集英社新書編集部より献本御礼。

すぐに書評したかったのだけどやっとAmazonでも発売が開始されたので。

経済、そして経済学に「なんだか騙されている」と感じている人、必読。

本書、〈「お金」崩壊〉は、「確かに経済学者たちの言うことはつじつまがあっているのに、なぜそこに違和感が残るのか」を明快に説明してくれる一冊。弾流の言い方をすると「複素経済学入門」ということになる。

「お金」崩壊| 青木 秀和| 集英社新書|BOOKNAVI|集英社
私たちのお金はどこへ行ってしまうのか?
私たちが貯蓄する「お金」は公の借金返済に投入されている。しかし、それは返せる当てのない借金だ。もはや、「お金」には実体も価値もない。こんな社会からの脱却を呼びかける、新しい経済論。
目次 - 手入力
第一章 空洞化する貯蓄
第二章 なぜ公の債務は増え続けるのか?
コラム 夕張市に凝縮された自治体の昨日、今日、明日
第三章 お金の本質
第四章 お金を〈冗談〉にしないために
コラム 軍縮を語らない「温暖化防止キャンペーン」のインチキ
おわりに

すでに経済学をある程度学んできた人は、本書の215ページをご覧いただきたい。以下の図が目に飛び込んでくるはずである。この図の掲載許可を下さった著者ならびに編集部に感謝を。

two-economies

これこそが、「複素経済学」の全体図である。上の円が虚部、下の円が実部。上では資金が、下では資源が循環している。上をeconomy、下をecologyと言い換えてもいいだろう。

この図は、市場経済に対する違和感の根本原因も明らかにしてくれる。エコノミストの話からは、下の円が抜け落ちているのだ。しかし、エコロジストが話をする時には、上の円が軽視されているかすっぽり抜け落ちていることが多い。

この図一枚のためだけでも、本書は入手しておく価値がある。

それでは本書のタイトルの命題、お金はなぜ崩壊しうるか。

今やお金の大部分が、上の円に属するからだ。上の円は「虚部」。人間の共同幻想が生み出しているからだ。もう少し正確に言うと、ブレトン・ウッズ体制が崩壊、貨幣が「無本位制」になったときに「虚」となったと言える。

P. 150
世界の金融資産は、一九九五年からの一〇年間、六〇九五兆円(五十三兆ドル)からなんと一京三八〇〇兆円(百二十兆ドル)にも達している。にも関わらず、この間に世界総生産は、三〇〇〇兆円(二六兆ドル)から四〇〇〇兆円(三五兆ドル)になったにすぎない*11。
  1. http://www.nikkeibp.co.jp/sj/2/contribute/g/02/index4.html

GGP (Gross Global Product)が3割増しにしかなっていないのに、金融資産が倍以上になる。なぜそれが可能になったかといったら、金融経済が完全に「仮想化」されたからだ。「モノ」の裏付けがないからこそ、たった10年で倍以上(年率8.5%)という「成長」が可能になったのだ。
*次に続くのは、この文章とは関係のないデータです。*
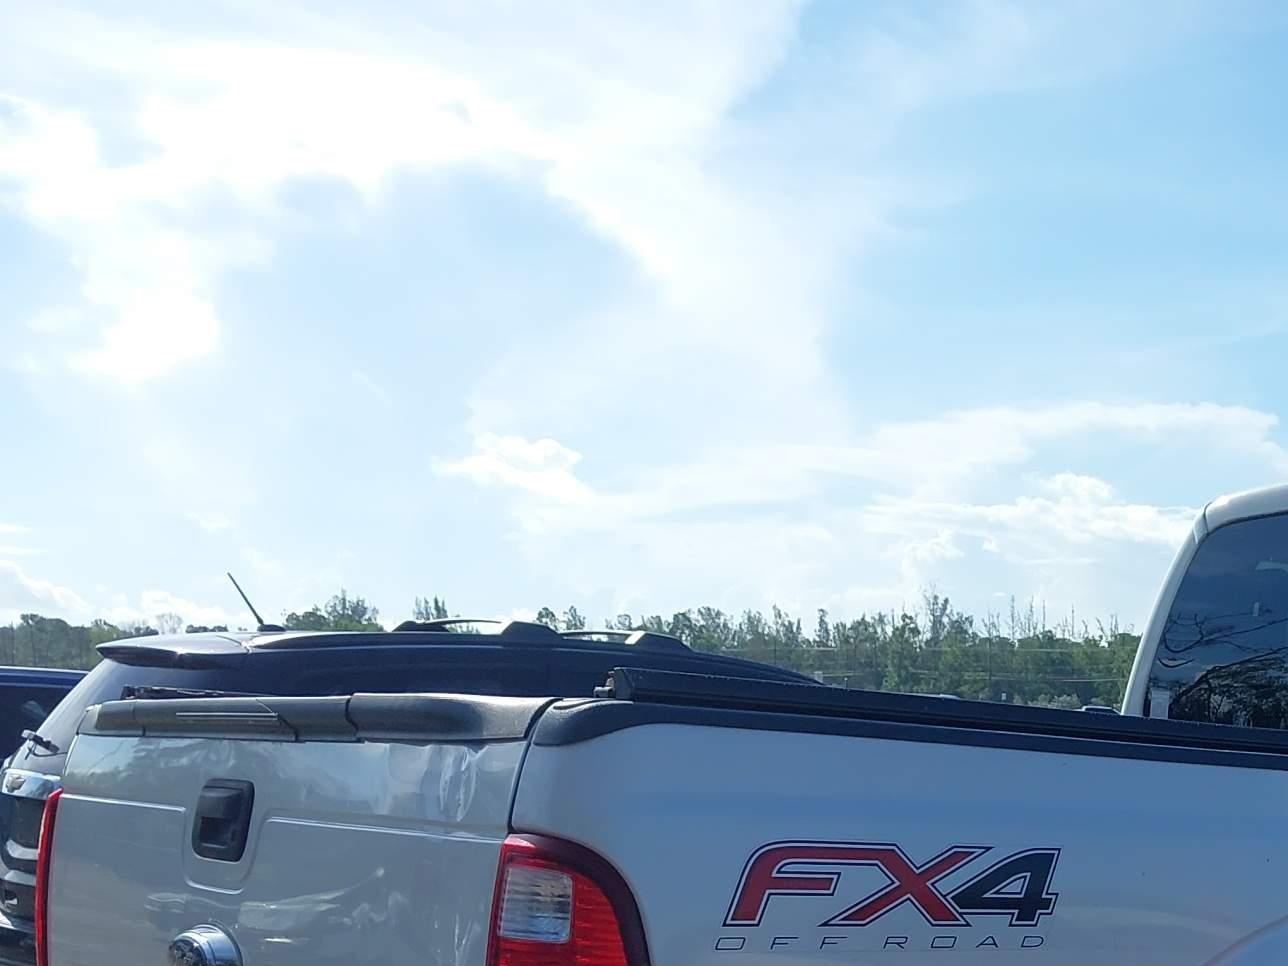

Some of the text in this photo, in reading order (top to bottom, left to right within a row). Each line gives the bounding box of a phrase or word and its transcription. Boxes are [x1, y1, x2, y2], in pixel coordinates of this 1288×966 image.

[721, 838, 1063, 929] FX4
[714, 935, 1046, 951] OFF ROAD
それだけなら、問題とは言えない。「その分インフレが進んだだけ」という言い方も出来なくはない。問題は「虚経済」の急成長に耐えられるほど「実経済」が大きくないこと、にも関わらず両方の経済がリンクしていることにある。虚が虚、実が実だけで回っているならいい。しかし圧倒的に多きな虚で実を手に入れようとした時、実はどうなってしまうのだろうか。

本書は、「今そこに問題がある」という世界経済の診断書である。私もここまでは気がついていた。気がついていたからこそ「複素経済学」などという言葉をでっちあげたわけだ。しかし、さすがの著者も処方箋までは提示していない。著者ですら「金本位制に戻れ」とは言えないのだ。

どうすればいいのか、私も答えを持ち合わせているわけではない(いや、実は一つ考えているのだが、それは本entryの範囲を越える)。しかし、そこに問題があること、なぜそれが問題となるのかは、治療法を考えるためにも必要なのではないか。